|Year of Birth:||1952|
|Year of Death:||2007|
Jerry Hadley (June 16, 1952 – July 18, 2007) was an American operatic tenor. He received three Grammy awards for his vocal performances in the recordings of Jen?fa (2004 Grammy Award for Best Opera Recording), Susannah (1995 Grammy Award for Best Opera Recording), and Candide (1992 Grammy Award for Best Classical Album). Hadley was a leading American tenor for nearly two decades. He was mentored by soprano Joan Sutherland and her husband, conductor Richard Bonynge. Leonard Bernstein chose Hadley for his 1989 recording of Candide on Deutsche Grammophon. A versatile singer, Hadley was equally at home in opera and operetta and on Broadway.

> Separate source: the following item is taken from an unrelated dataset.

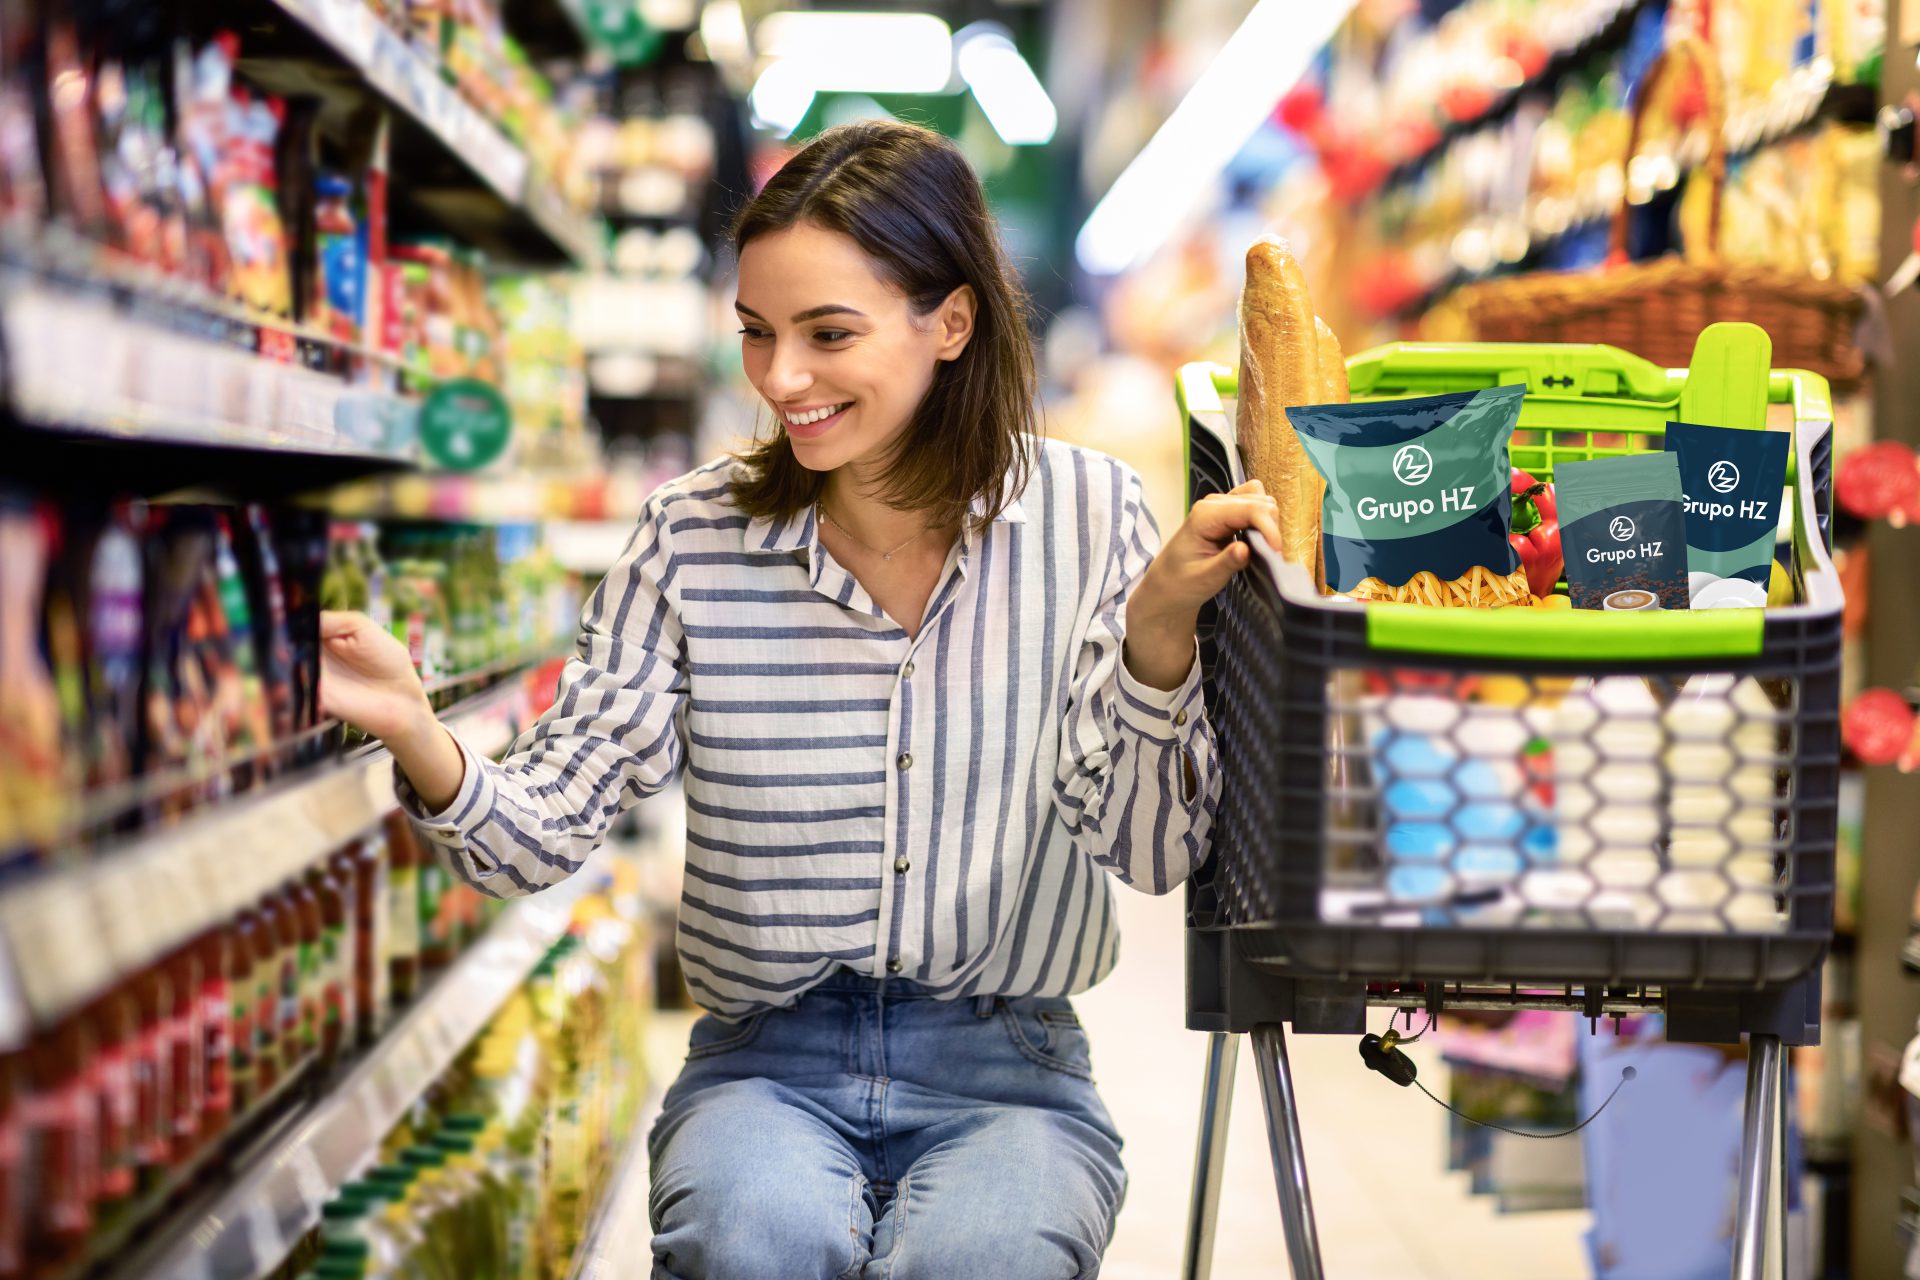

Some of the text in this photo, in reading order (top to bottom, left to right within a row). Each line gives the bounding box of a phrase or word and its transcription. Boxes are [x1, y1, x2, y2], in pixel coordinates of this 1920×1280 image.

[1357, 486, 1477, 523] Grupo HZ
[1739, 499, 1769, 520] HZ
[1586, 541, 1664, 565] Grupo HZ

Hadley was born and raised in Manlius, Illinois, of Italian and English parents. He attended Bradley University in Peoria, Illinois, where he was a member of the Delta Nu chapter of Phi Mu Alpha, a men's music fraternity. Hadley first studied to become a conductor, but after four years turned to singing. He studied voice under Dr. John Davis while at Bradley, ultimately earning his master's degree in voice at the University of Illinois at Urbana–Champaign. At Illinois he studied voice with Grace Wilson and James Bailey, and coached with pianists John Wustman and Eric Dalheim. He starred in many School of Music opera productions, including Tamino in Mozart's The Magic Flute, Nemorino in Donizetti's L'elisir d'amore, Alfred in Johann Strauss II's Die Fledermaus, and Tom Rakewell in The Rake's Progress by Stravinsky. In 1978 he started his training with Dr. Tom LoMonaco in New York City who remained his primary teacher through the early 1990s. Noël Goodwin wrote in a 1993 article in the magazine Opera, "After 15 years Hadley still goes back to this Sicilian American (Tom LoMonaco) who, he says, gave him confidence and secure knowledge of what he is doing with his voice at any given time, through teaching methods that are direct and physiological." Hadley also stated, "(I was) lucky above all else to have found a teacher in New York without whom I really doubt I could have really built the career I have."